§ **What is being asked**
Would you mind restating all of the records word for word, skipping the pictures?

____________________

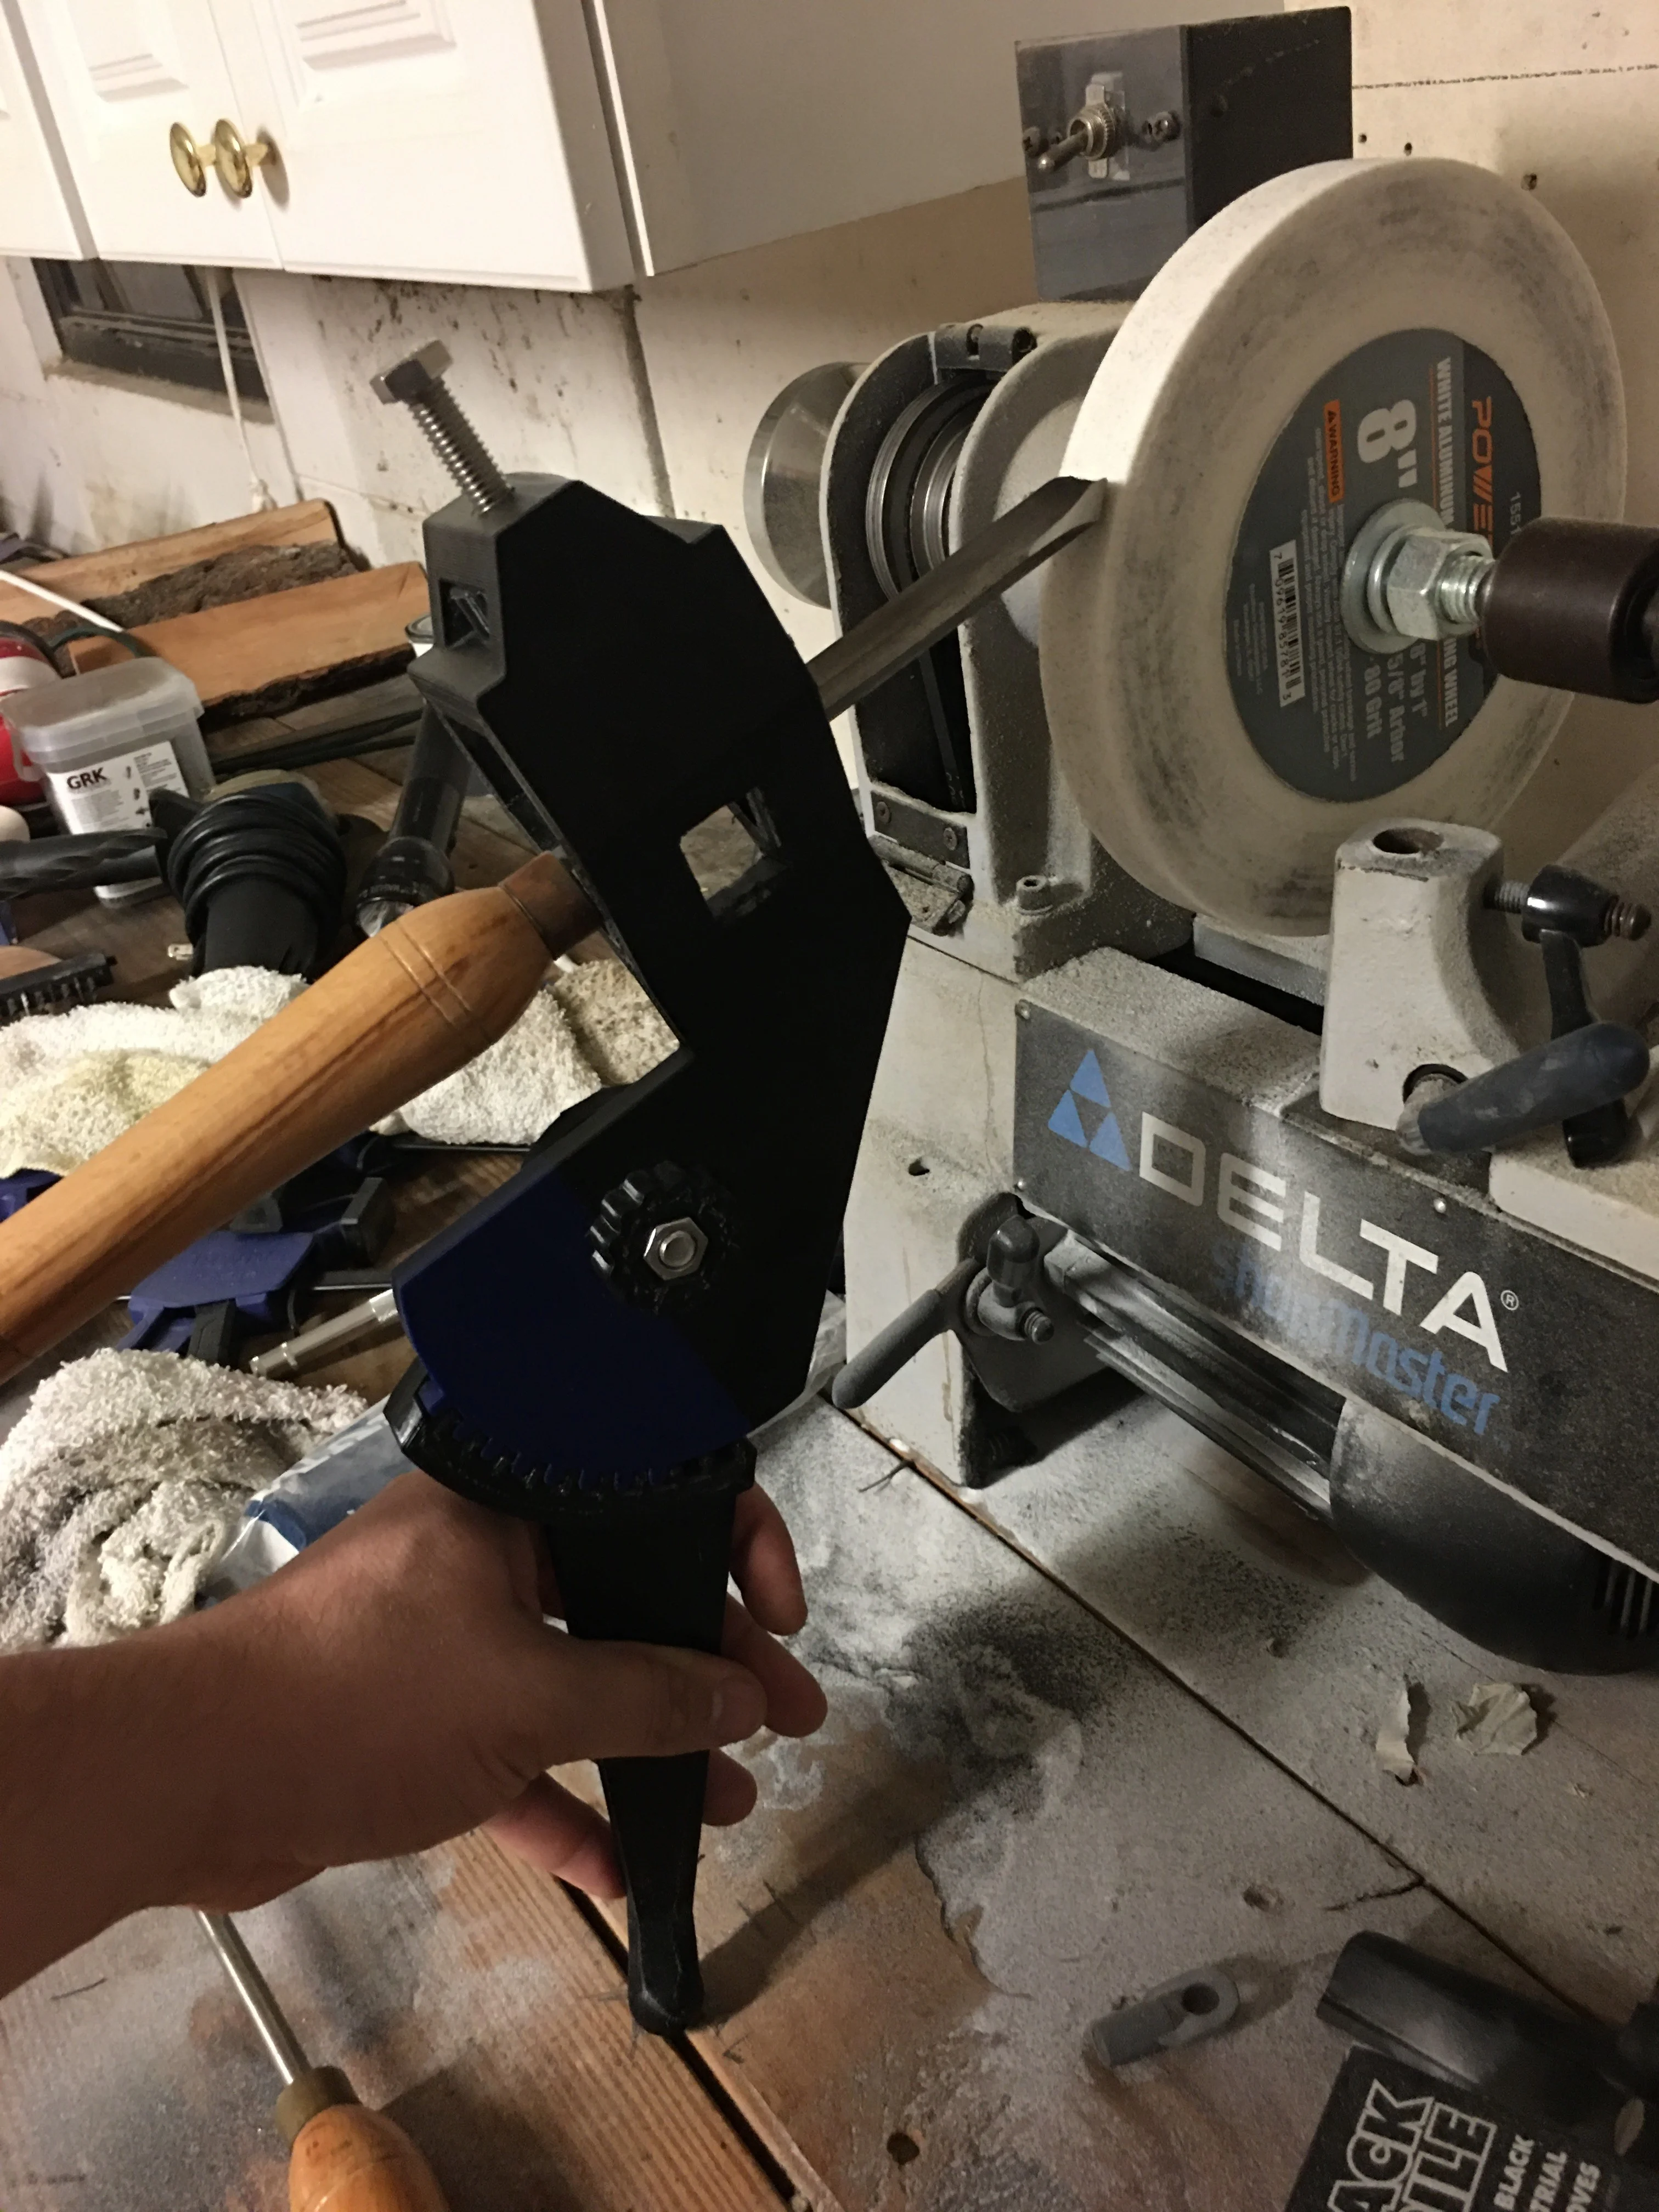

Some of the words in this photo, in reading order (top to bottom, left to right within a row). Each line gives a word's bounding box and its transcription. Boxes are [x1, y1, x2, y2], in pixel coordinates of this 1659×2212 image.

[1437, 357, 1452, 423] WHITE
[1328, 424, 1341, 496] WARNING
[1438, 425, 1454, 525] ALUMINUM
[1472, 395, 1493, 540] POWE
[1409, 669, 1427, 698] by
[1444, 669, 1458, 727] WHEEL
[1365, 696, 1383, 740] Grit
[1389, 705, 1406, 762] Arbor
[66, 767, 108, 789] GRK
[1139, 1111, 1508, 1373] DELTA
[1493, 2133, 1536, 2211] BLACK

____________________

§ **Solution for this task**
Some of the words in this photo, in reading order (top to bottom, left to right within a row). Each line gives a word's bounding box and its transcription. Boxes are [x1, y1, x2, y2], in pixel coordinates of this 1659×2212 image.

[1437, 357, 1452, 423] WHITE
[1328, 424, 1341, 496] WARNING
[1438, 425, 1454, 525] ALUMINUM
[1472, 395, 1493, 540] POWE
[1409, 669, 1427, 698] by
[1444, 669, 1458, 727] WHEEL
[1365, 696, 1383, 740] Grit
[1389, 705, 1406, 762] Arbor
[66, 767, 108, 789] GRK
[1139, 1111, 1508, 1373] DELTA
[1493, 2133, 1536, 2211] BLACK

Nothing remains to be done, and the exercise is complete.